> **Your objective**:
Retype all the records below exactly as they are, with no image carried over.

> **Information**:
###
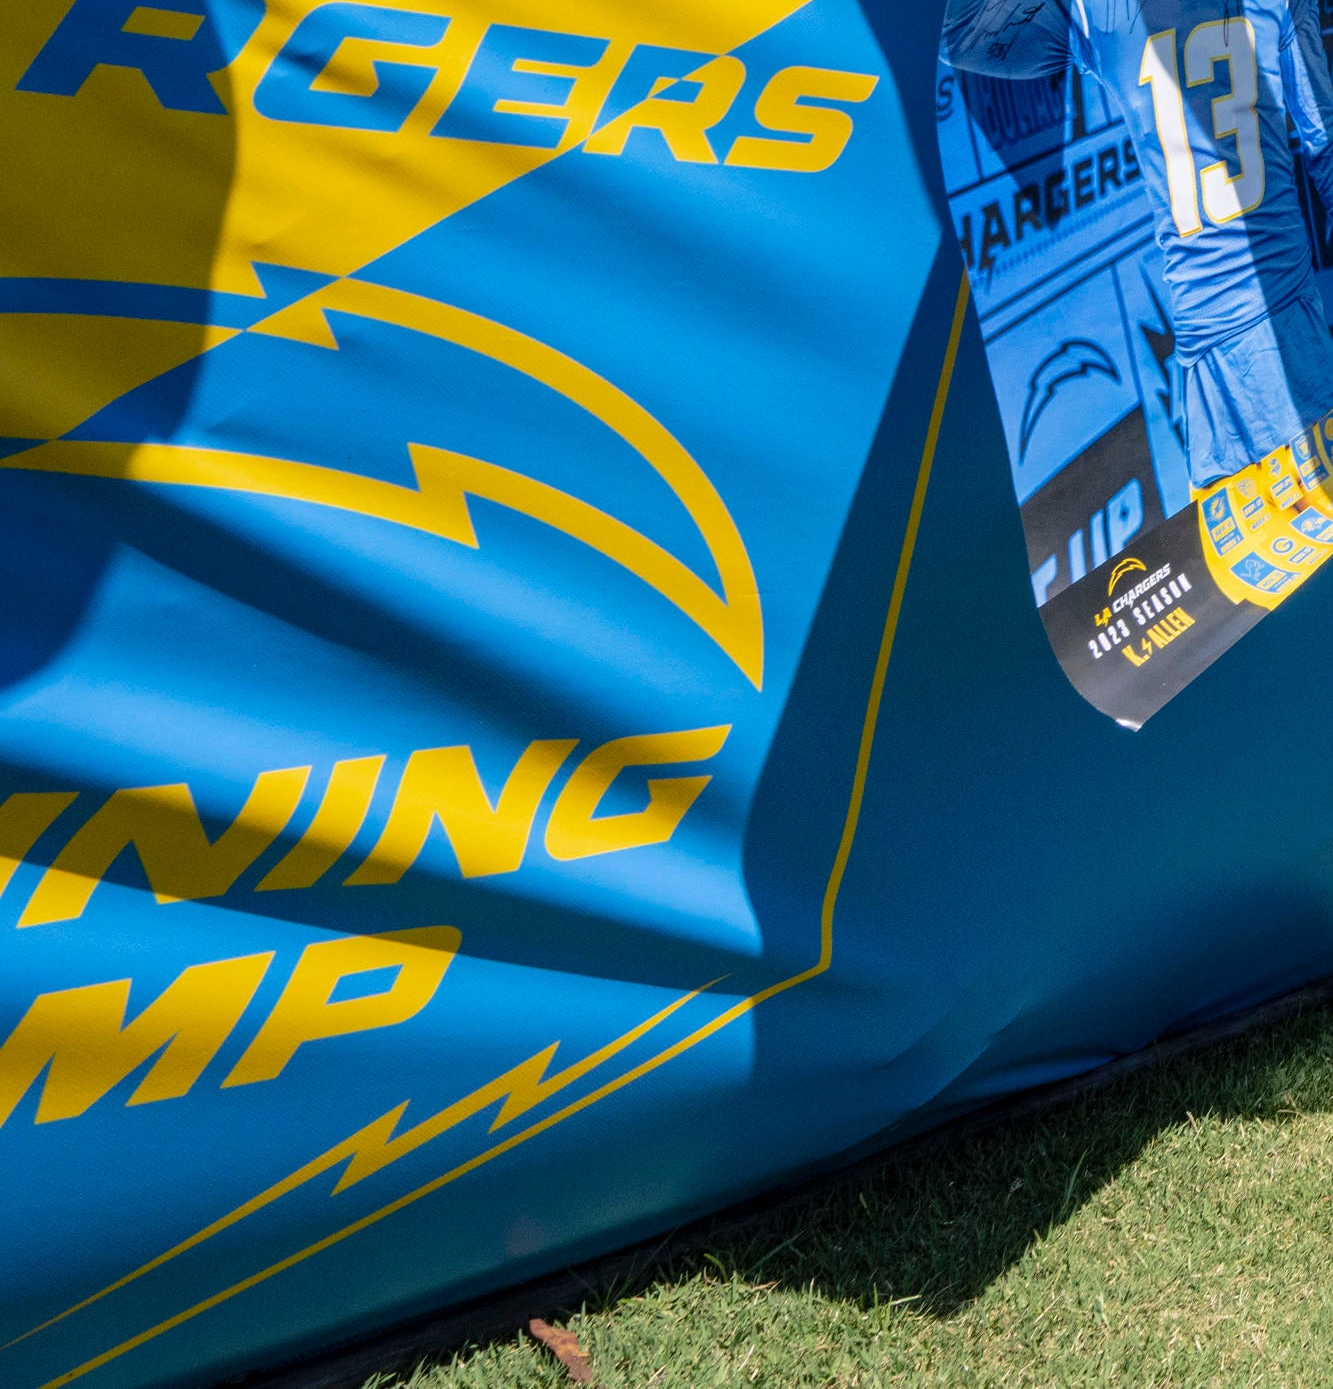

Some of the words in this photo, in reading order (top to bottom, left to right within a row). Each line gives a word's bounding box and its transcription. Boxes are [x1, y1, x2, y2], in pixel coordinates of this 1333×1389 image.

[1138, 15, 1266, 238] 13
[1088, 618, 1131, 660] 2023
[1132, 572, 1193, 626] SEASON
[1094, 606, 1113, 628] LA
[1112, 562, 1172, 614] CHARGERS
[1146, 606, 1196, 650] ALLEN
###
> **Answer for this exercise**:
Some of the words in this photo, in reading order (top to bottom, left to right within a row). Each line gives a word's bounding box and its transcription. Boxes are [x1, y1, x2, y2], in pixel coordinates of this 1333×1389 image.

[1138, 15, 1266, 238] 13
[1088, 618, 1131, 660] 2023
[1132, 572, 1193, 626] SEASON
[1094, 606, 1113, 628] LA
[1112, 562, 1172, 614] CHARGERS
[1146, 606, 1196, 650] ALLEN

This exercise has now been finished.